Similarly for light and heat, what percentage would be (typically) correct to claim as an expense - 1/6? (Again, inc. VAT or ex. VAT?)

Thanks!


----------



## bogle (23 May 2009)

Dude I'm no tax expert but I think you have to be careful if you use part of your principle private residence as a business premises. If your house is sold (trading up etc) above the original purchase price you might end up having to pay tax on some of the gain made. As I say I’m no tax expert and maybe you know this already anyway.


----------



## Gervan (23 May 2009)

Assuming your home office takes up a small fraction of the house, and electricity is for heating and light for one room, say, computer and peripherals, I would leave the bills in your personal name.
One sixth sounds reasonable to claim back, if one room is used as home office. You can only claim vat relief on the business expense, so one sixth of the net cost, then work out the vat on that for your vat returns. 
Keep all records neatly with your company invoices, and mark on each the details of what refund you claimed frrom the company. As a straight refund of expenses this should be taxfree in your hands.


----------



## diggerbarnes (25 May 2009)

Thanks everyone.

I'll go with 50% on the broadband/phone expenses (this would be an accurate reflection of use) and 1/6 on the light and heat, both based on the VAT exclusive figures. 

(I mightn't bother claiming the VAT back as it'll amount to no more than a couple of Euro each month, I'll see how the figures work out.)


----------



## Zoro (21 Jul 2009)

I am an employee for a multinational company, working from home, which I am renting. Can I claim tax relief on a portion of my rent?  As an employee (not self employed) can I claim tax relief on utility bills?


----------



## FENERO (22 Jul 2009)

Hi diggerbarnes, my business provides accountancy solutions for contractors. I'd be happy to run through some of your home office expense and other queries if you want to PM me. 

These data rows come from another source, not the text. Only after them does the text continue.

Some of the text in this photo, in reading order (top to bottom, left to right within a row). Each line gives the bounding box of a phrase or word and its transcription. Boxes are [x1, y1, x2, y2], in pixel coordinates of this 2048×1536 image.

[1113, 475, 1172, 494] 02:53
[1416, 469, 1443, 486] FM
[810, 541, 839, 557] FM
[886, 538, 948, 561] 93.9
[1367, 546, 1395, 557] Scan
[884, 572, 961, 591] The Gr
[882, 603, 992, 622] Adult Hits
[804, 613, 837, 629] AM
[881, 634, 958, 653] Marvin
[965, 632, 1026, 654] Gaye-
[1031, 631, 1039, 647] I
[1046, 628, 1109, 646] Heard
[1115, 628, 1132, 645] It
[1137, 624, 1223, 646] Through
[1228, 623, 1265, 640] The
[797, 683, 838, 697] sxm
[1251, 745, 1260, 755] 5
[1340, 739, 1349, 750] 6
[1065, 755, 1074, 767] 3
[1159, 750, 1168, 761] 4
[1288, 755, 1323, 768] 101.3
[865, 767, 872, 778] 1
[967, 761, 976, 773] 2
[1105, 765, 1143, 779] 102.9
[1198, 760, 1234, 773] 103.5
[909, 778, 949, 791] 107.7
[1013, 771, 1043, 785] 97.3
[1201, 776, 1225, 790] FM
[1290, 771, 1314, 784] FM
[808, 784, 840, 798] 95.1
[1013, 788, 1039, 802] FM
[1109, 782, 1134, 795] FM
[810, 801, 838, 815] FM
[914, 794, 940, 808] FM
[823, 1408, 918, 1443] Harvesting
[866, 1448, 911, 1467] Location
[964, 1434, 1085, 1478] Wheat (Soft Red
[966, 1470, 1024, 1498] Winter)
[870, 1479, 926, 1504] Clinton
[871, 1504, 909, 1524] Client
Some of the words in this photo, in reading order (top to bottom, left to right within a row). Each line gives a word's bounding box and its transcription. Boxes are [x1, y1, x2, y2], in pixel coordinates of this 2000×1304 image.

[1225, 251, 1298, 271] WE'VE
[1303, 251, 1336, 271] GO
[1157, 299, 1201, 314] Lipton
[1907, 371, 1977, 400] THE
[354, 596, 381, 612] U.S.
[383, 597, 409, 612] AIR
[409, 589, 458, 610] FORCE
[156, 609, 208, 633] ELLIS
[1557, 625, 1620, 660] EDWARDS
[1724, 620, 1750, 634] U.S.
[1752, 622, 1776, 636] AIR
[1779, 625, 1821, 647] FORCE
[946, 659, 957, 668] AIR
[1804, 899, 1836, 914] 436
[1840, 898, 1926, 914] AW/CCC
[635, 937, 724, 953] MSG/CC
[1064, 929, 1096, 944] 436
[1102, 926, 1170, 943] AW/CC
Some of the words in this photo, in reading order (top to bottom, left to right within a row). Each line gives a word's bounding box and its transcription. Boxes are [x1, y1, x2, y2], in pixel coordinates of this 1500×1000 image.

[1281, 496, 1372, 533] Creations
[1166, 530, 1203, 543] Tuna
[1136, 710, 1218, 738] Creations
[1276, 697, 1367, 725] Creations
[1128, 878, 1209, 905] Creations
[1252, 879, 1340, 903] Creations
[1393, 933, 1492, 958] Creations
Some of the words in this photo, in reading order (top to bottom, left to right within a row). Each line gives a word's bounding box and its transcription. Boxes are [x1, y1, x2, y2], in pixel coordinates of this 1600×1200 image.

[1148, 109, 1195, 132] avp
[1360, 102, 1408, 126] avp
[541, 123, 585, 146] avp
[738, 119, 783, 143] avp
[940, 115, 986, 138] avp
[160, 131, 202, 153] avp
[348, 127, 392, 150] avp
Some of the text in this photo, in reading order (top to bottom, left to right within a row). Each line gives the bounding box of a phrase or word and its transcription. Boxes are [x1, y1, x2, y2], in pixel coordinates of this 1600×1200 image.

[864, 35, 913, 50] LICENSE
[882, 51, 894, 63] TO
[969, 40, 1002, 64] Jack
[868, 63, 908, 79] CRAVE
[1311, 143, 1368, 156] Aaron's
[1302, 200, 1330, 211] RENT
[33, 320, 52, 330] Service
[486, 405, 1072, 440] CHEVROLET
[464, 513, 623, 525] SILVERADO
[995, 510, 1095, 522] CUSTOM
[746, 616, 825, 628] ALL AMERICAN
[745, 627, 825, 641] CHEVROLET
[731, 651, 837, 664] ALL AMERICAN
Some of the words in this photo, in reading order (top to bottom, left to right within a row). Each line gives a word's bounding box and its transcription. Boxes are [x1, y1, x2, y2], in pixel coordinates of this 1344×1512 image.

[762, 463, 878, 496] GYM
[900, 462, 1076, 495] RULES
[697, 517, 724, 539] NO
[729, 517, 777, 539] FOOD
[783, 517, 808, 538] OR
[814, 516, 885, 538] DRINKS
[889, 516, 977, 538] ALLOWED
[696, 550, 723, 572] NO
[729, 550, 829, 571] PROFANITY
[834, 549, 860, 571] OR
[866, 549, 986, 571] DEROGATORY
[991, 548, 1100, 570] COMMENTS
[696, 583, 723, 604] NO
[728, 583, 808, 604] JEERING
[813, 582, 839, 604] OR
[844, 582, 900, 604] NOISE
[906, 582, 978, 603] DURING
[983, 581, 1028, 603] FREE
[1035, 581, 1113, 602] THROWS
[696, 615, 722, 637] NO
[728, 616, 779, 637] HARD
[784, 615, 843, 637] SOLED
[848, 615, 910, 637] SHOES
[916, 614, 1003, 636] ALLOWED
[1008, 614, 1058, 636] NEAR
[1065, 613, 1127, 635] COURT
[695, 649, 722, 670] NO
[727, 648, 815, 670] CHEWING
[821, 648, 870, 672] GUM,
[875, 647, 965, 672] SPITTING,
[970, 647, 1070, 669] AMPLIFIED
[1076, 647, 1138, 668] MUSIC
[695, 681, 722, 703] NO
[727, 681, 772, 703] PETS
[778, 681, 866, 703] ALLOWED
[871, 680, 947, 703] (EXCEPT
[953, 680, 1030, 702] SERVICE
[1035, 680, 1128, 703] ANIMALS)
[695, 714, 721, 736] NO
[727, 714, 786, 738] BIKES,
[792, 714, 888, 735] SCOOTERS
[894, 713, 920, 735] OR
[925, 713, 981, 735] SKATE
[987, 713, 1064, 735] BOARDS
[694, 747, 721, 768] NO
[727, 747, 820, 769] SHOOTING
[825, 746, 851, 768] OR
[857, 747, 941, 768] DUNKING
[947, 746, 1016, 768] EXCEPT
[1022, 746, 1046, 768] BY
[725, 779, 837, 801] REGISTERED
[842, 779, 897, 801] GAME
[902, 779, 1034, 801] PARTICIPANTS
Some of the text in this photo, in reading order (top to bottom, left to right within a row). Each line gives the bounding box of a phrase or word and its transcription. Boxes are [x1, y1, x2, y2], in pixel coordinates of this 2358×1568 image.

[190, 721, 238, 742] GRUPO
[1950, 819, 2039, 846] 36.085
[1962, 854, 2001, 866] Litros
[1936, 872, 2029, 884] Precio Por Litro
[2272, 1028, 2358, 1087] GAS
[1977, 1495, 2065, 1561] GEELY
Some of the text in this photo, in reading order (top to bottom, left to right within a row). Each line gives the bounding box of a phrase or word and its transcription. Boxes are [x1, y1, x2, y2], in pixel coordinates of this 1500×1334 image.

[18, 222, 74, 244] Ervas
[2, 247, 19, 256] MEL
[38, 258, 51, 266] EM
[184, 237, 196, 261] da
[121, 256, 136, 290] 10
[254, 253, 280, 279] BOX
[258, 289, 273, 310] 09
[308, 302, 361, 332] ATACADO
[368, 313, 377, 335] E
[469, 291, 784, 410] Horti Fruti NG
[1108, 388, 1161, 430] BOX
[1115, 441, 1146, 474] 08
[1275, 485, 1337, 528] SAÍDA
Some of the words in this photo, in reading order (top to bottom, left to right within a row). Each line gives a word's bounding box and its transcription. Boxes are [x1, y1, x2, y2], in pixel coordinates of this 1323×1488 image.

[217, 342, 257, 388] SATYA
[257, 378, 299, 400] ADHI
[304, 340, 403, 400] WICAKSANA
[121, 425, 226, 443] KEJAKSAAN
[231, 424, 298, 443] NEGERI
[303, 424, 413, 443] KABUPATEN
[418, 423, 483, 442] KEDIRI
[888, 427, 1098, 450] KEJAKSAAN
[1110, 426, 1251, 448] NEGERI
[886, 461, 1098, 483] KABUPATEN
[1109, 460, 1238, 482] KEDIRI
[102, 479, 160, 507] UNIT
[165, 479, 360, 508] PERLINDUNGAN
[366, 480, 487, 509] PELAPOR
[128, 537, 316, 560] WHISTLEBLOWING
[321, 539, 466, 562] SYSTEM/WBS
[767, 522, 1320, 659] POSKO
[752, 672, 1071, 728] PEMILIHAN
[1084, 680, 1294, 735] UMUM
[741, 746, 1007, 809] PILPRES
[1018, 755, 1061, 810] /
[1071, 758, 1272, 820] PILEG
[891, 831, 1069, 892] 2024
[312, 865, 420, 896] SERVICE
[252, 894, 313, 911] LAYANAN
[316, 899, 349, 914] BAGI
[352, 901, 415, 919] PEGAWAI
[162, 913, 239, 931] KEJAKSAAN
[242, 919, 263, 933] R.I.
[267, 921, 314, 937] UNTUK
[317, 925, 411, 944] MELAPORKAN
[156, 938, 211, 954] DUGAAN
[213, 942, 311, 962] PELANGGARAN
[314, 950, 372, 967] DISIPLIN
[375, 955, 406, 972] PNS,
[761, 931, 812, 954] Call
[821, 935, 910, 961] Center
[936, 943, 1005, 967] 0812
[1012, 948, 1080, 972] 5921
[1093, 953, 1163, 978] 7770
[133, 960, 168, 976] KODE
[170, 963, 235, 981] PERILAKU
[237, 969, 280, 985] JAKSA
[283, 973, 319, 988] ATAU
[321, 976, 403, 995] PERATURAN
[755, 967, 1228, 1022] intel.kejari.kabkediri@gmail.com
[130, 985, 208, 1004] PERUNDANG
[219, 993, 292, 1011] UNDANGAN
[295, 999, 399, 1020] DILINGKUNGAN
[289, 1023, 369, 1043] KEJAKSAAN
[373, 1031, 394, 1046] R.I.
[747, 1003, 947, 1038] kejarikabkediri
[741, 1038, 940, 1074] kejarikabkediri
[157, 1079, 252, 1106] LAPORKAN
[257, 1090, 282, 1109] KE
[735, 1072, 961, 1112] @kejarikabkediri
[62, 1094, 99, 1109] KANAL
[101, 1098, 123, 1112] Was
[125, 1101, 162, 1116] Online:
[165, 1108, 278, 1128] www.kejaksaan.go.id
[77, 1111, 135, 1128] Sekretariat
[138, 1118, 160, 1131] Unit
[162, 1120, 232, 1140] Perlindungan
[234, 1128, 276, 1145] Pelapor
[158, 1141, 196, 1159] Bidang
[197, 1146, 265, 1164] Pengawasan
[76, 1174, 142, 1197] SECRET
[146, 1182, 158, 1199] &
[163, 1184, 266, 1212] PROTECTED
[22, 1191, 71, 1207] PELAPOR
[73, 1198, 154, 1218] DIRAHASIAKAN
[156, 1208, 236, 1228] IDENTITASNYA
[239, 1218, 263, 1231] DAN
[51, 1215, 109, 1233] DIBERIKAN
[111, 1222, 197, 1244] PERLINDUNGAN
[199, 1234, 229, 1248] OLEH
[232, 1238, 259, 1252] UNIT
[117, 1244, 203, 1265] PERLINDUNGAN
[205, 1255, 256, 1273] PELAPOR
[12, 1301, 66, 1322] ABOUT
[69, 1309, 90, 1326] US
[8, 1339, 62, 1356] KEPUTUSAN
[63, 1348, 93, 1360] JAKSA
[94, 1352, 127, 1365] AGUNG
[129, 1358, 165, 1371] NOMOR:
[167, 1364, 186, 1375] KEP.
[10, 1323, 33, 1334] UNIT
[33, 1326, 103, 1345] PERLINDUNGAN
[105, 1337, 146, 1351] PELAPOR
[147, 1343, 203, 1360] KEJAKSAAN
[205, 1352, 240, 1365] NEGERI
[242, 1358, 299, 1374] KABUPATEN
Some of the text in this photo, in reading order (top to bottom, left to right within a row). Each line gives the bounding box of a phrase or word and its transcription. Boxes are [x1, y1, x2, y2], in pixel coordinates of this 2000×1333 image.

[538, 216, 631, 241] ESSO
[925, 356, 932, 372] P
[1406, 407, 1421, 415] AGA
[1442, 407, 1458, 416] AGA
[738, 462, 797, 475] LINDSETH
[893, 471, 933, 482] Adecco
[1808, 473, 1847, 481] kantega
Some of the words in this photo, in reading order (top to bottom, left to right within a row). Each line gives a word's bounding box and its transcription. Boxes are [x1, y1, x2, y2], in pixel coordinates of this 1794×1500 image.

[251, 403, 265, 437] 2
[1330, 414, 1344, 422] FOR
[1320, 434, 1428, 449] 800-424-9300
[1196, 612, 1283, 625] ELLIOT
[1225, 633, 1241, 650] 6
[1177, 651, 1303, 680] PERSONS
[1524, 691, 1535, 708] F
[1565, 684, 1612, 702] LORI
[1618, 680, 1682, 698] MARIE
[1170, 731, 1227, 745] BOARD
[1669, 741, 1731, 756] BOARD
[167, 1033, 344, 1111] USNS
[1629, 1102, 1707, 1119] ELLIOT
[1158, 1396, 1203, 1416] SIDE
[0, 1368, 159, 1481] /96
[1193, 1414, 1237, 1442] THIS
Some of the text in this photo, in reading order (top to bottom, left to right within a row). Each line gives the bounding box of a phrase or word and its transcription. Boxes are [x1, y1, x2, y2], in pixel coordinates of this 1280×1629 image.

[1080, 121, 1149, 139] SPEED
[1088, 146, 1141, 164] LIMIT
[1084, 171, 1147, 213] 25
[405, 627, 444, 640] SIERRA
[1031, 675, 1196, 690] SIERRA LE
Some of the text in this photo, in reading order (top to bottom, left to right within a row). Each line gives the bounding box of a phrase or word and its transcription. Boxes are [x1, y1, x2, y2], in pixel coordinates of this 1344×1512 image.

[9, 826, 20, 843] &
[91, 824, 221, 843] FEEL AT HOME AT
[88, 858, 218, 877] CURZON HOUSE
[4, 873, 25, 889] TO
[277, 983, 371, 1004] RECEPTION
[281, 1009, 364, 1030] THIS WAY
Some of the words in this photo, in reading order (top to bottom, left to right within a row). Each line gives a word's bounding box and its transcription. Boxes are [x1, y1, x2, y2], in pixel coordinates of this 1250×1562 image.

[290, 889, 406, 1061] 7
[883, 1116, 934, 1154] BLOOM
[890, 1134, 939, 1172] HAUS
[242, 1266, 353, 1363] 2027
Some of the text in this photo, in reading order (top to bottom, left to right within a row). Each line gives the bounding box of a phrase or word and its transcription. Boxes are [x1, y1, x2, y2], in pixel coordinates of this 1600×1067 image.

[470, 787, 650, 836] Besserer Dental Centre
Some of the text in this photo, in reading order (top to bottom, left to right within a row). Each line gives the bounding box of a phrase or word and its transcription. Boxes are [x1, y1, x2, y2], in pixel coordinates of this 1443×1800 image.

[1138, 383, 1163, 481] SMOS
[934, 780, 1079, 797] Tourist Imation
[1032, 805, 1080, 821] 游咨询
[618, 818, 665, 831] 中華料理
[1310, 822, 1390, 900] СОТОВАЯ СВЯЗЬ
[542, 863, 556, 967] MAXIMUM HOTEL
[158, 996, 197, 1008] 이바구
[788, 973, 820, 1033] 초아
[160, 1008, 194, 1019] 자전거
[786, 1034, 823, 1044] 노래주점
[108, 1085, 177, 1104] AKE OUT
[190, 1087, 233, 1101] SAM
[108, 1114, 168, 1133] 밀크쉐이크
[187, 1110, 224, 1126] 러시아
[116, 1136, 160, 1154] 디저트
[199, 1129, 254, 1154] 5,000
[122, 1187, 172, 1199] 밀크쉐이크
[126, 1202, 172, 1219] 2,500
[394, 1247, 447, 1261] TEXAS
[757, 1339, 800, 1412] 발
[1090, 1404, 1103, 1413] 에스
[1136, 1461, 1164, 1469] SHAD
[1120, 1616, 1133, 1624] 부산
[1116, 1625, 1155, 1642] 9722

Bogle is also correct that if you use part of your home for business purposes, it will affect your entitlement to principal private residence relief when you come to sell your home and you pay be liable to pay CGT on a portion of any gain made. It's just something to bear in mind and be fully aware of before you decide to claim for home office expenses.


----------



## Mostin (22 Jul 2009)

If your a sole trader working predominantely from a van with services at your home for broadband and telephone to pick up jobs etc, do you claim all the cost of the services through the business? If not what is an exceptable percentage to be allocated to personal use?

Thank you


----------



## Domo (22 Jul 2009)

Telephone -- if you use your landline, and it is not a second line purely for business, then you can't claim for the cost of line rental, and can claim the business percentage of the cost of calls.  To calculate this you will need to take bills for a period of time, and analyse the cost of the calls to get the relevant percentage.

If you have a second landline just for business you can claim 100%, or the costs of a mobile if purely for business (with incidental personal use).

Re broadband costs - Revenue are unlikely to accept 100% business use, but would perhaps accept 90% or 95%, but this will depend on your personal circumstances - do you have kids using this also etc.  You need to estimate your own business percentage on a realistic basis.


----------



## Setanta12 (22 Jul 2009)

There've been other similar threads on this issue - check those - esp re the CGT-PPR implications.


----------